The second term can be written as follows.
$\Rightarrow \dfrac{\left( \sqrt{{{a}_{2}}}-\sqrt{{{a}_{3}}} \right)}{d}$
The third term of the series can be written as follows.
$\Rightarrow \dfrac{\left( \sqrt{{{a}_{3}}}-\sqrt{{{a}_{4}}} \right)}{d}$
So, the given question $\dfrac{1}{\sqrt{{{a}_{1}}}+\sqrt{{{a}_{2}}}}+\dfrac{1}{\sqrt{{{a}_{2}}}+\sqrt{{{a}_{3}}}}+......\dfrac{1}{\sqrt{{{a}_{n-1}}}+\sqrt{{{a}_{n}}}}$ can be rewritten in a simplified manner as follows.
$\Rightarrow \dfrac{1}{\sqrt{{{a}_{1}}}+\sqrt{{{a}_{2}}}}+\dfrac{1}{\sqrt{{{a}_{2}}}+\sqrt{{{a}_{3}}}}+......\dfrac{1}{\sqrt{{{a}_{n-1}}}+\sqrt{{{a}_{n}}}}$
$\Rightarrow \dfrac{\sqrt{{{a}_{1}}}-\sqrt{{{a}_{2}}}}{d}+\dfrac{\sqrt{{{a}_{2}}}-\sqrt{{{a}_{3}}}}{d}+......\dfrac{\sqrt{{{a}_{n-1}}}-\sqrt{{{a}_{n}}}}{d}$
$\Rightarrow \dfrac{\sqrt{{{a}_{1}}}-\sqrt{{{a}_{2}}}+\sqrt{{{a}_{2}}}-\sqrt{{{a}_{3}}}+.......\sqrt{{{a}_{n-1}}}-\sqrt{{{a}_{n}}}}{d}$
$\Rightarrow \dfrac{\sqrt{{{a}_{1}}}-\sqrt{{{a}_{n}}}}{d}$
Now, we will further simplify our solution by multiplying with $\sqrt{{{a}_{1}}}+\sqrt{{{a}_{n}}}$ on both numerator and denominator. So, we get,
$\Rightarrow \dfrac{\sqrt{{{a}_{1}}}-\sqrt{{{a}_{n}}}}{d}\times \dfrac{\sqrt{{{a}_{1}}}+\sqrt{{{a}_{n}}}}{\sqrt{{{a}_{1}}}+\sqrt{{{a}_{n}}}}$
$\Rightarrow \dfrac{{{a}_{1}}-{{a}_{n}}}{d\left( \sqrt{{{a}_{1}}}+\sqrt{{{a}_{n}}} \right)}$
Now, we can also write the expression with common difference as follows.

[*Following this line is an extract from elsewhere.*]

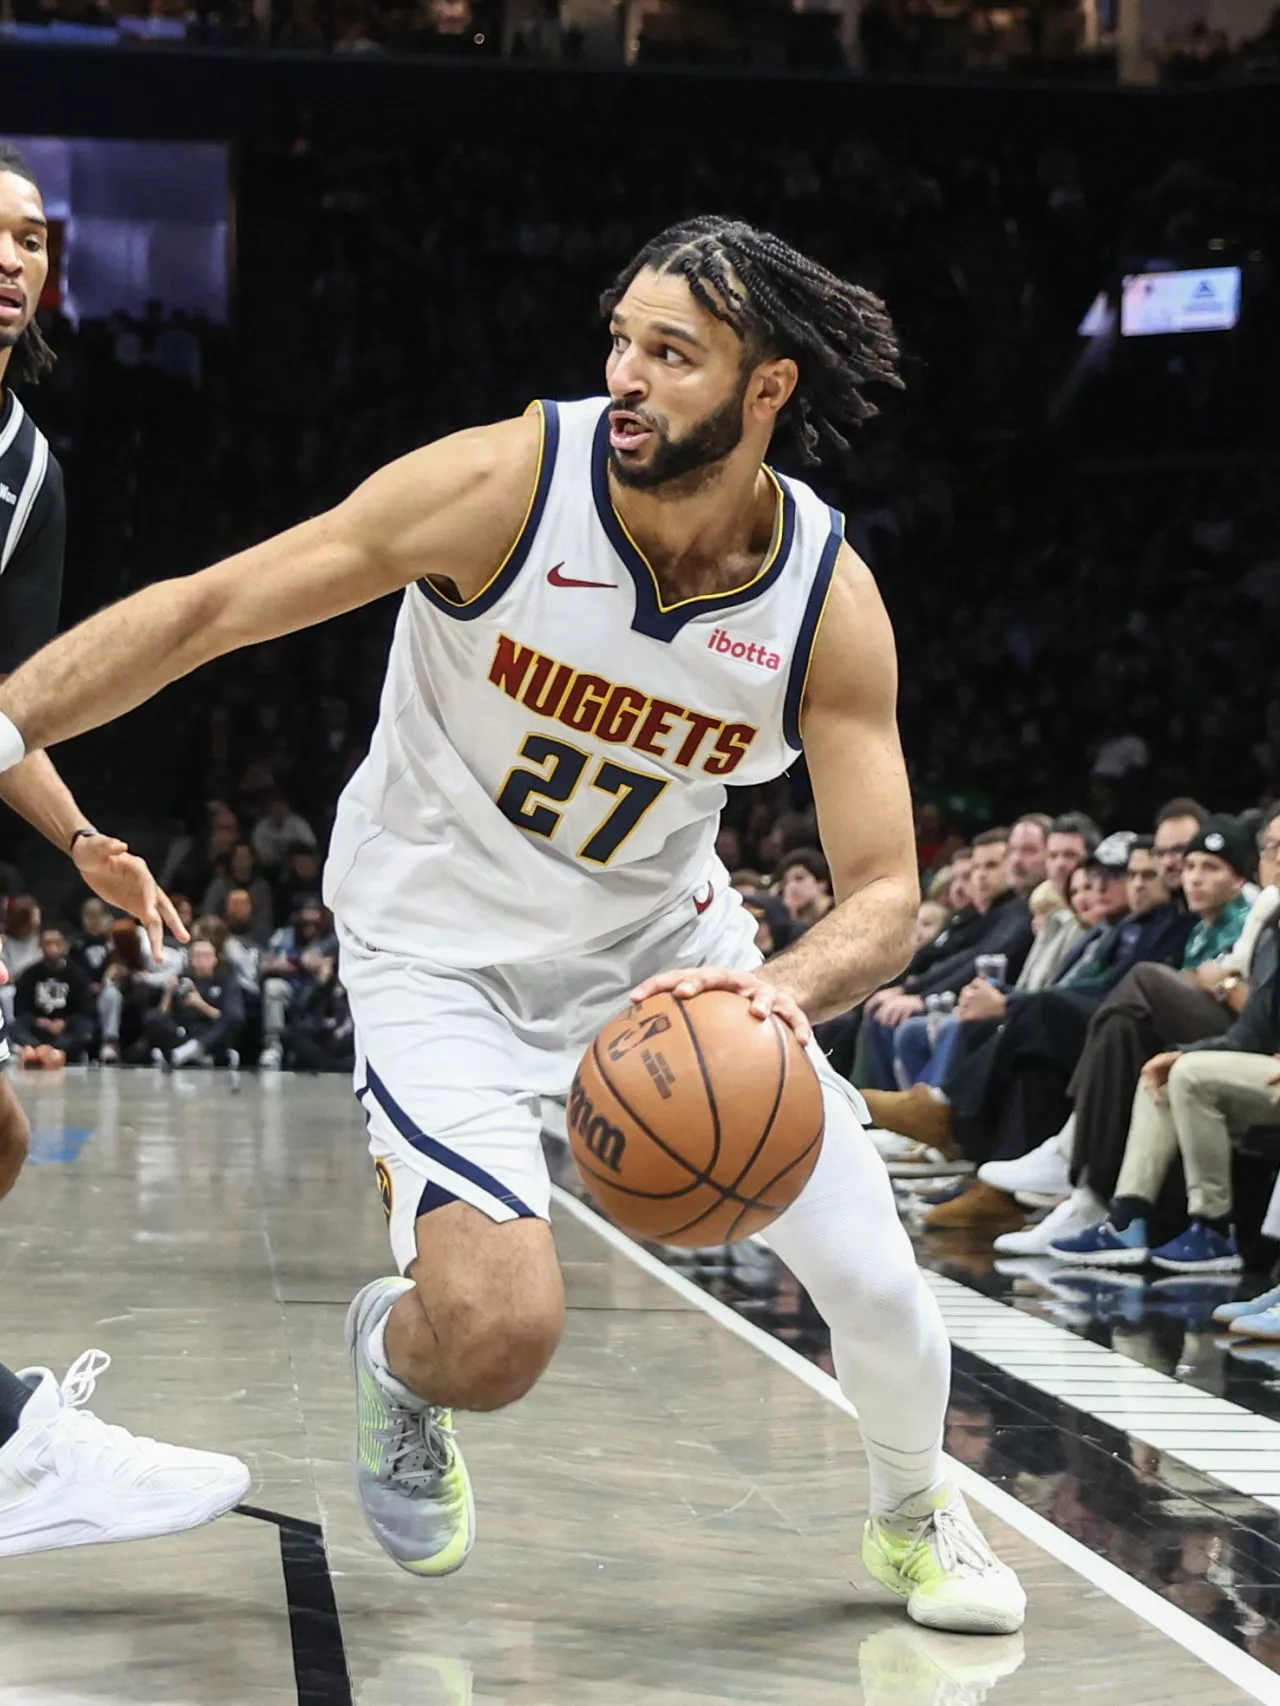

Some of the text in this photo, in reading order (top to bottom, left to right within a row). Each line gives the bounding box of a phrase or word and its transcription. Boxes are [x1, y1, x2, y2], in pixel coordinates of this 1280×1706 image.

[488, 632, 759, 775] NUGGETS
[707, 628, 781, 671] ibotta
[496, 732, 672, 866] 27

$\Rightarrow \dfrac{d\left( n-1 \right)}{d\left( \sqrt{{{a}_{1}}}+\sqrt{{{a}_{n}}} \right)}$
$\Rightarrow \dfrac{\left( n-1 \right)}{\left( \sqrt{{{a}_{1}}}+\sqrt{{{a}_{n}}} \right)}$
Therefore, the solution will be $\Rightarrow \dfrac{\left( n-1 \right)}{\left( \sqrt{{{a}_{1}}}+\sqrt{{{a}_{n}}} \right)}$ .

Note: Students must be very careful in doing the calculations. Students must have good knowledge in the concept of A.P. students must not do mistakes like in the term if we use $\dfrac{d\left( n \right)}{d\left( \sqrt{{{a}_{1}}}+\sqrt{{{a}_{n}}} \right)}$ instead of $\Rightarrow \dfrac{d\left( n-1 \right)}{d\left( \sqrt{{{a}_{1}}}+\sqrt{{{a}_{n}}} \right)}$ our whole solution will be wrong.